[Spatial localization data]
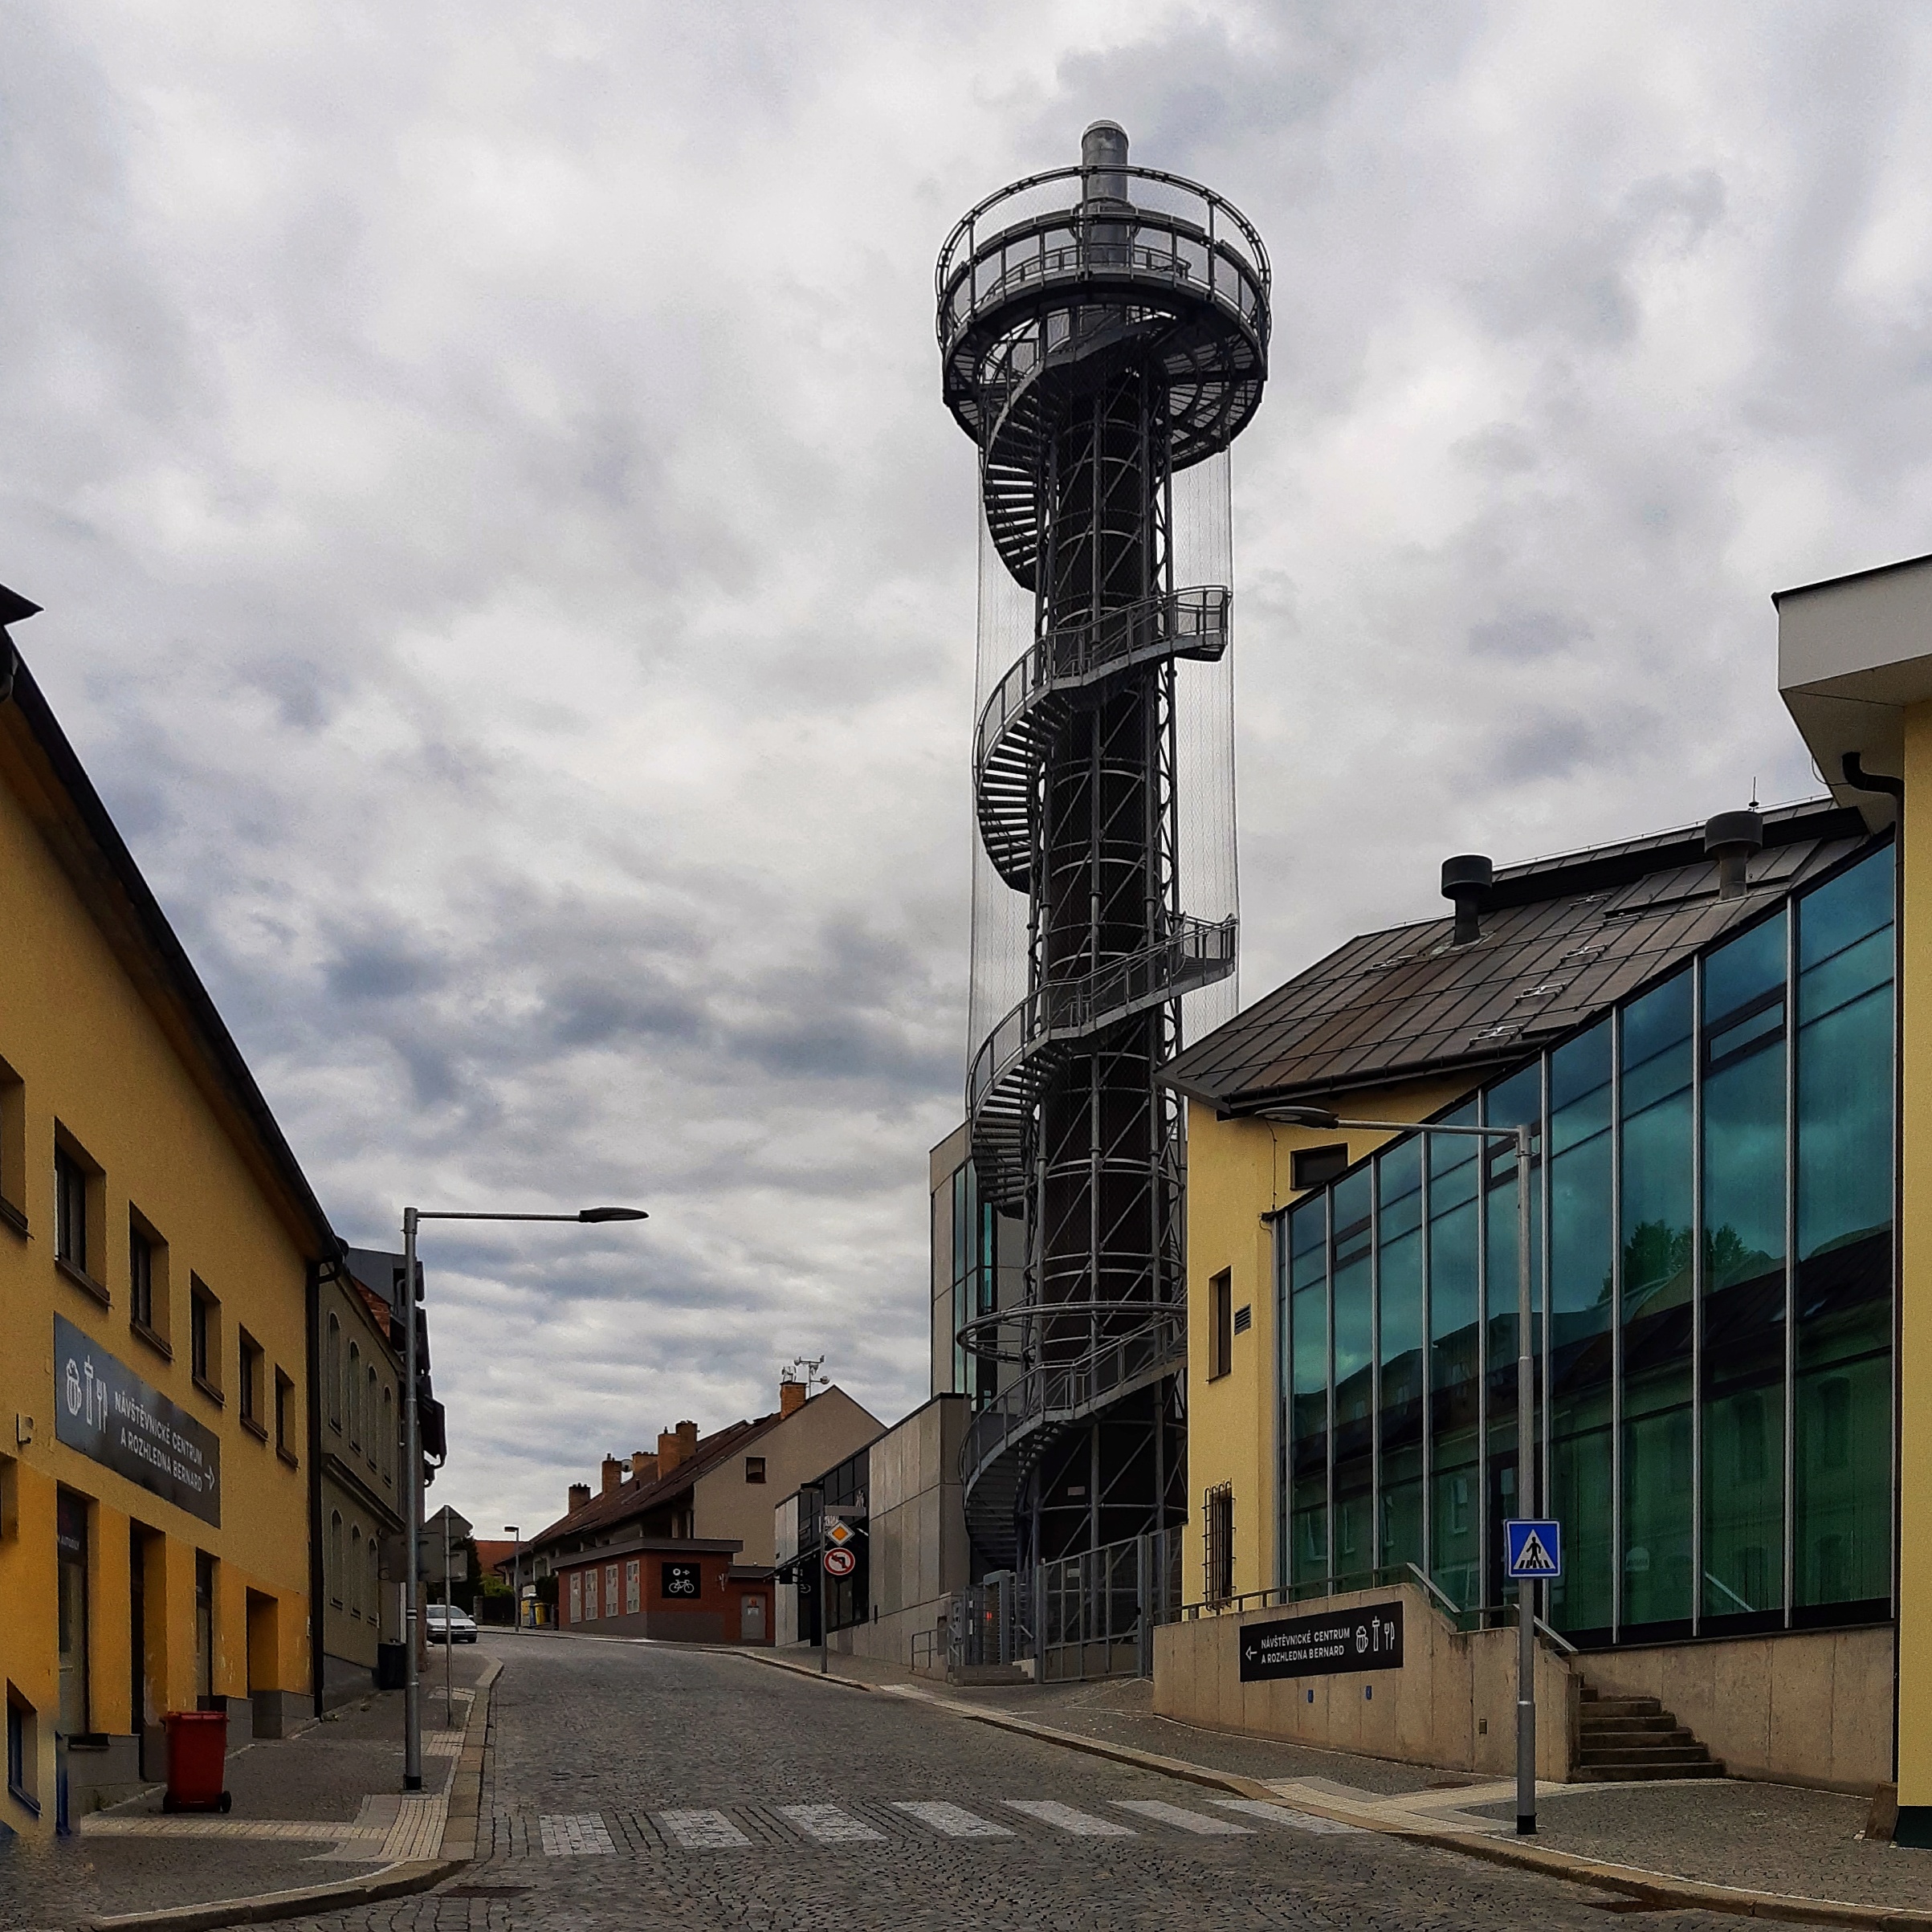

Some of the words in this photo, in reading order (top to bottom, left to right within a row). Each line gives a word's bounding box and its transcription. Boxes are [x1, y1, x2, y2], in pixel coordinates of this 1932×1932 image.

[115, 1391, 170, 1445] NÁVŠTĚVNICKÉ
[172, 1432, 202, 1468] CENTRUM
[120, 1427, 127, 1447] A
[128, 1430, 172, 1474] ROZHLEDNA
[173, 1460, 203, 1492] BERNARD
[1261, 1629, 1311, 1649] NÁVŠTĚVNICKÉ
[1314, 1627, 1351, 1642] CENTRUM
[1261, 1654, 1266, 1664] A
[1267, 1649, 1307, 1664] ROZHLEDNA
[1309, 1645, 1344, 1659] BERNARD
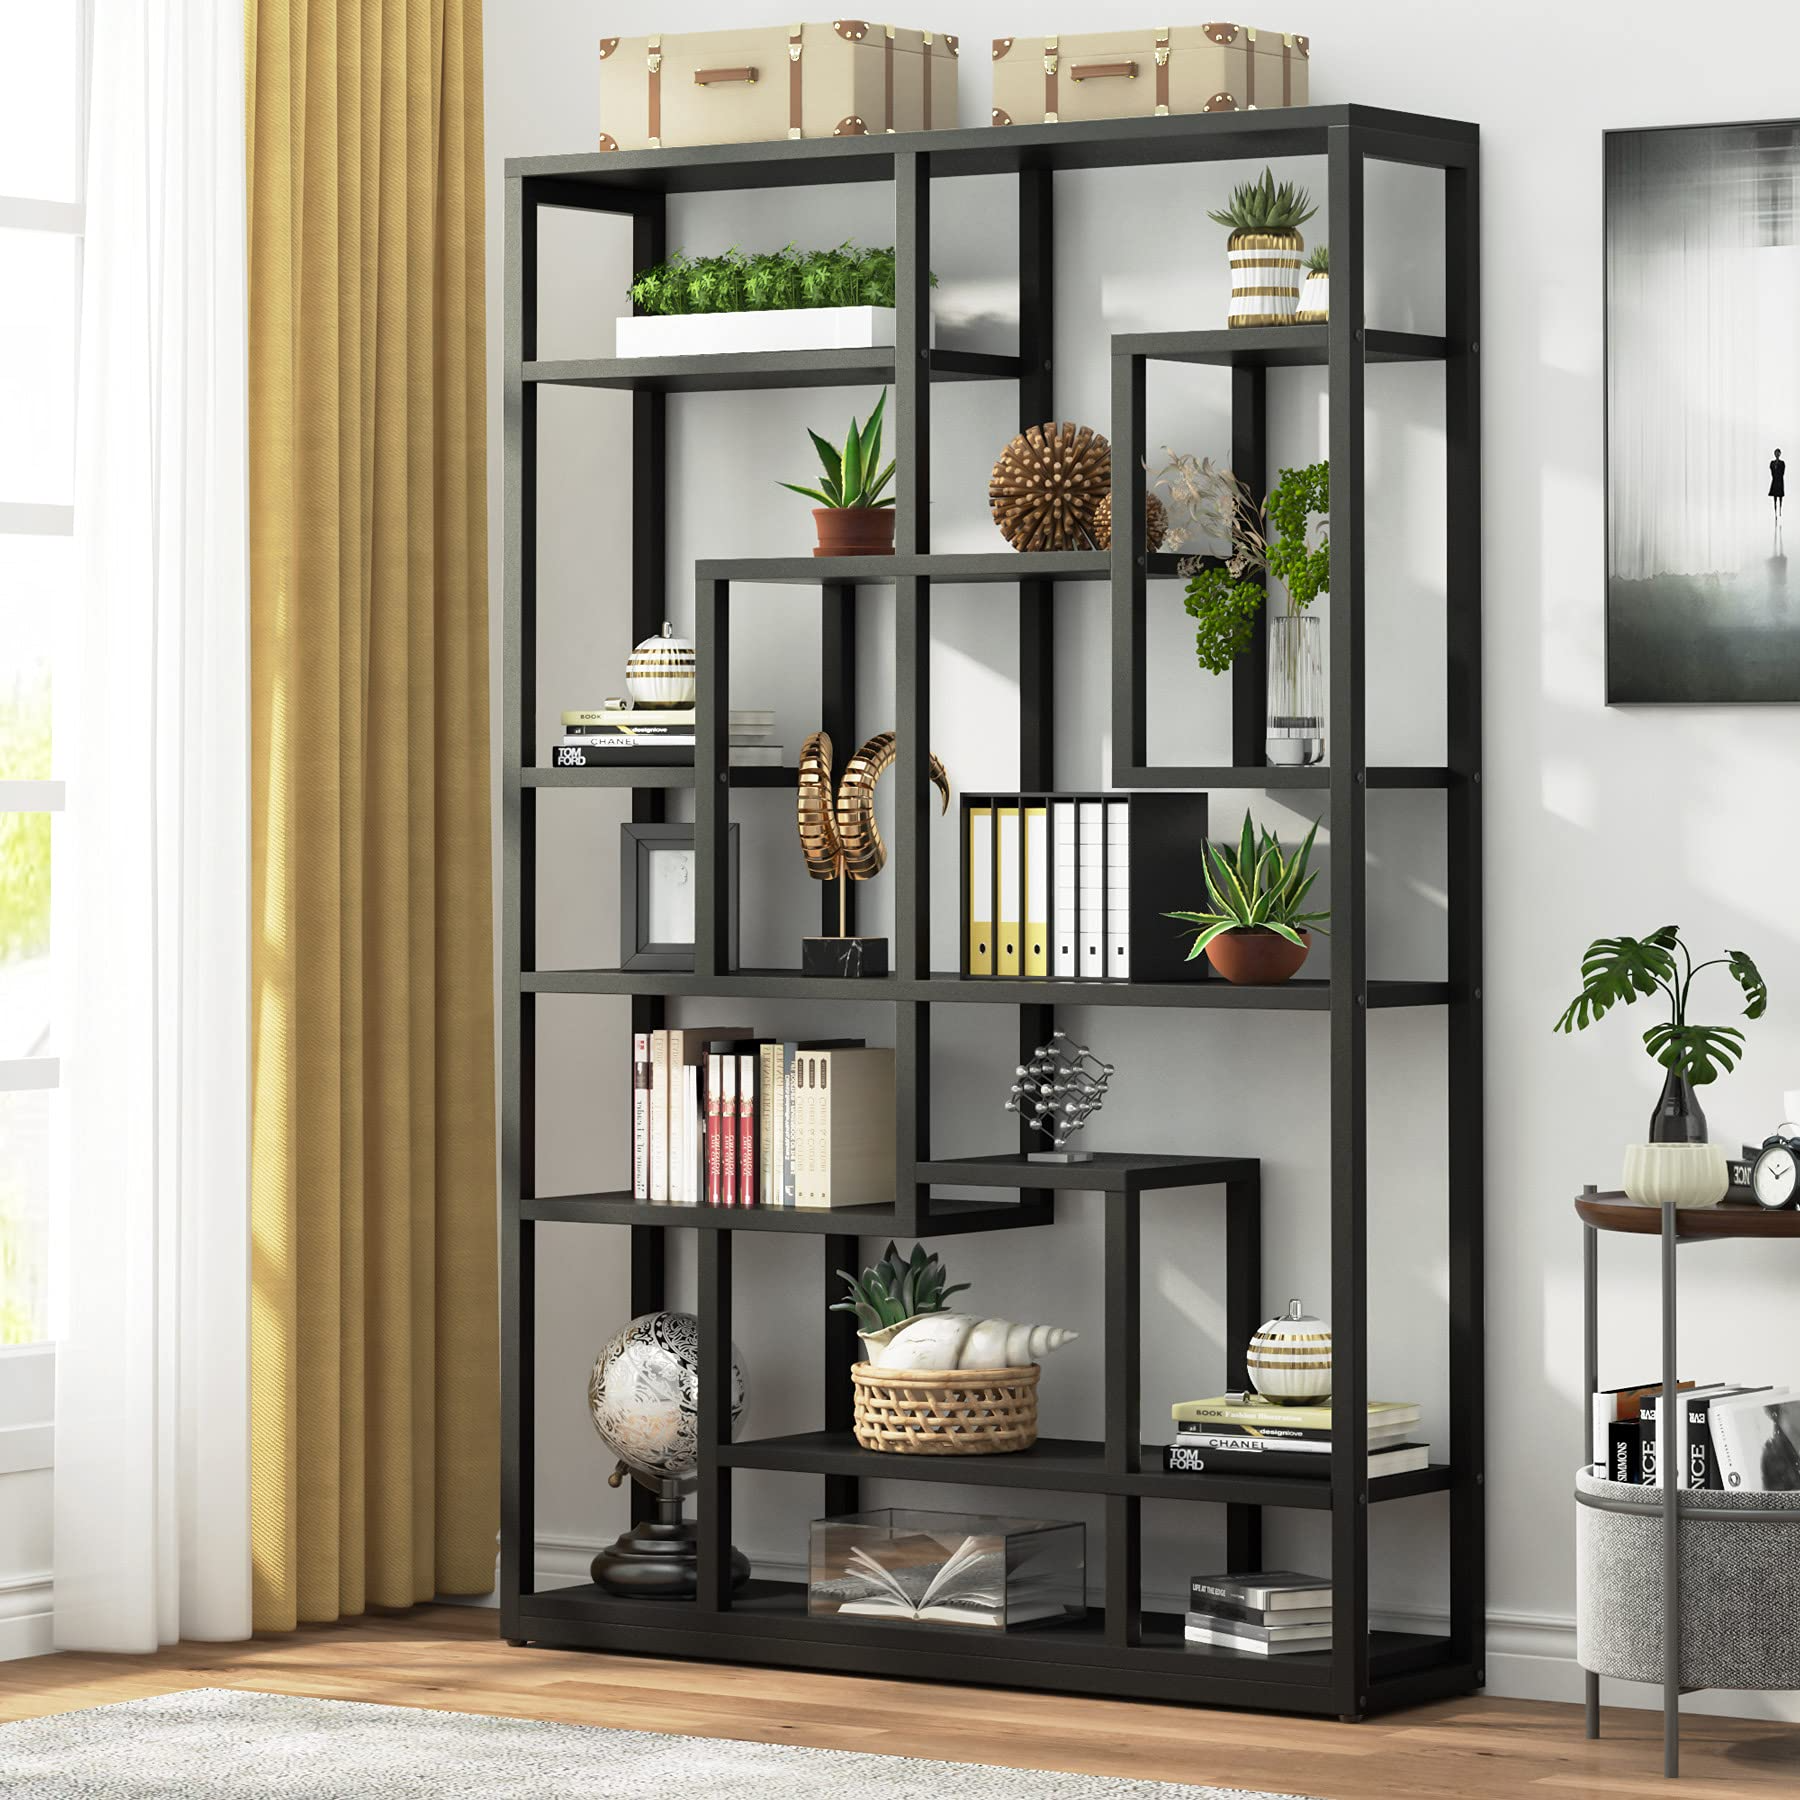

> _THE PROBLEM_
The records are to be returned verbatim. Skip any picture they contain.

> _ANSWER TO THE EXERCISE_
Some of the words in this photo, in reading order (top to bottom, left to right within a row). Each line gives a word's bounding box and its transcription. Boxes are [x1, y1, x2, y2], in pixel coordinates of this 1932×1932 image.

[115, 1391, 170, 1445] NÁVŠTĚVNICKÉ
[172, 1432, 202, 1468] CENTRUM
[120, 1427, 127, 1447] A
[128, 1430, 172, 1474] ROZHLEDNA
[173, 1460, 203, 1492] BERNARD
[1261, 1629, 1311, 1649] NÁVŠTĚVNICKÉ
[1314, 1627, 1351, 1642] CENTRUM
[1261, 1654, 1266, 1664] A
[1267, 1649, 1307, 1664] ROZHLEDNA
[1309, 1645, 1344, 1659] BERNARD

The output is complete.